С. Кобб определяет социально-психологическую поддержку как транслируемое пострадавшему человеку сообщение о том, что он является ценным членом группы и его окружение готово о нём позаботиться. По мнению автора, социально-психологическая поддержка осуществляется на трёх уровнях – интерсубъективном, инструментальном и социальном [S. Cobb, 1976].

На интерсубъективном уровне находящийся в стрессовой ситуации человек получает эмоциональную поддержку, любовь, заботу и принятие от своего ближайшего окружения – семьи и друзей. С. Кобб пишет, что этот уровень поддержки по своей природе близок к холдингу (от англ. holding – букв. «держание на руках») как особой форме заботы, которую организует семья с целью удовлетворять потребности и защищать её членов от влияний окружающего мира.

Д. Винникот, предложивший термин «холдинг» для описания ранних паттернов взаимодействия матери и младенца, указал на три важнейшие функции поддерживающего окружения: заботится о физическом благополучии, осуществлять холдинг и представлять объектную сторону мира [Д. Винникот, 2004]. Холдинг – это род эмоциональной заботы, представляющий собой «защитный экран» от чрезмерных аффектов, которые пока ещё слабое эго ребёнка или ослабленное болезнью и стрессом эго взрослого человека не в состоянии самостоятельно интегрировать. Действуя как дополнительное эго, поддерживающее окружение понимает, принимает, интерпретирует уникальные и постоянно меняющиеся эмоциональные состояния подопечного. Эмпатический отклик интернализируется как способ обращения со своими аффектами, благодаря чему развивается способность использовать эмоциональные реакции как сигналы самости, а не как индикаторы угрожающей психологической дезорганизации или фрагментации [Р.Д. Столороу, 2011, с. 113]. Будучи репрезентацией заботливой и доброжелательной окружающей среды, достаточно хороший холдинг является необходимым этапом личностного развития, подготавливающим к более дифференцированным переживаниям и отношениям с объектным миром [Э. Мур, Д. Файн, 2000, с. 213]. Провал холдинга способен вызвать различные нарушения, например, нечёткость, прерывистость личностной структуры, трудности различения Я от не-Я, отсутствие базисного доверия миру, переживание аффектов как травматических и т.д.

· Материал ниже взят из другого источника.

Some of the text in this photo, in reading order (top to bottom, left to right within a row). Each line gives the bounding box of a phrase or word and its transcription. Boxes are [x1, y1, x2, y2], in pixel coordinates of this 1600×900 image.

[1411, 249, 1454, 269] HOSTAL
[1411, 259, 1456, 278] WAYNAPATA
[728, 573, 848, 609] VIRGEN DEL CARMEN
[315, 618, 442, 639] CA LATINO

Неудача в осуществлении холдинга происходит в тех случаях, когда поддерживающее окружение переживает состояние стресса, депрессии или опыт травматизации. Так, А. Грин описывает комплекс «мёртвой матери» – деструктивное влияние на развитие ребёнка нехватки эмпатического отклика со стороны матери, погружённой в состояние горя или депрессии [А. Грин, 2005]. Погружённая в горе мать продолжает осуществлять уход за ребёнком, но лишь на инструментальном уровне – в заботе о его физических потребностях без должной эмоциональной вовлечённости. Одно из психических следствий отсутствия эмпатического отклика со стороны значимого окружения – чувство «бессилия выйти из конфликтной ситуации, бессилия любить, воспользоваться своими дарованиями, преумножать свои достижения или, если таковые имели место, глубокая неудовлетворённость их результатами» [А. Грин, 2005, с. 333].

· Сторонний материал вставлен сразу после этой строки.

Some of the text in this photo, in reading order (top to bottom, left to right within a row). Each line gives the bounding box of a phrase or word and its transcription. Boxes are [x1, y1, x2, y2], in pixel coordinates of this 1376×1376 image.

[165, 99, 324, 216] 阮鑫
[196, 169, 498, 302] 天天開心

Поддерживающее окружение также может испытывать трудности в обеспечении эмпатического отклика, если переживания находящегося в кризисе человека не согласуются или несут угрозу эмоциональным состояниям близких людей, как это чаще всего случается в ситуации психической травмы. В таком случае, не нашедшие «эмоциональный приют», «непереносимые» (в первую очередь для окружающих людей) переживания травмированного индивида могут быть подвергнуты защитной диссоциации, вызывать чувства отчуждённости, беспомощности, обвинения себя в «неадекватных» чувствах и реакциях [Р.Д. Столороу, 2016].

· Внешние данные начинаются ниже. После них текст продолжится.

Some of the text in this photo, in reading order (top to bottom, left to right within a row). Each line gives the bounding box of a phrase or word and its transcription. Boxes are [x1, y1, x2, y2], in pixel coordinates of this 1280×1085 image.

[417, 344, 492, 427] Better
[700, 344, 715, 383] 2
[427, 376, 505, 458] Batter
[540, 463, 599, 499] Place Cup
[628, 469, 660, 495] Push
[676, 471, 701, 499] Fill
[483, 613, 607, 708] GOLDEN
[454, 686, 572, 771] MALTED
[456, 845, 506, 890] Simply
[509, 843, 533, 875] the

Феномен вторичной травматизации описывает изменения во внутреннем опыте одного человека, вовлечённого в близкие отношения с другим человеком, переживающим кризисную ситуацию или психическую травму [И.Г. Малкина-Пых, 2005; Л.B. Трубицына, 2005]. Согласно исследованиям, онкологические пациенты испытывают раздражение и злость, когда близкие, пытаясь их приободрить, приуменьшают серьёзность заболевания [G.A. Dakof, S.E. Taylor, 1990]. Л.B. Трубицына описывает исследования людей, переживших Холокост или воевавших во Вьетнаме, выявившие слабый самоконтроль, повышенный уровень депрессии, чувство вины и злоупотребление психоактивными веществами у членов семей пострадавших [Л.B. Трубицына, 2005, с. 63].

Зачастую близкие люди не могут предоставить адекватный эмпатический отклик, потому что сами оказываются дезорганизованными интенсивными и болезненными переживаниями травмированного члена семьи. Ситуация взаимного индуцирования стресса может привести к эмоциональному выгоранию и попыткам защититься от травматических переживаний друг друга непосредственным уходом или эмоциональным дистанцированием, обесцениванием, обвинениями в неспособности или нежелании справиться с ситуацией.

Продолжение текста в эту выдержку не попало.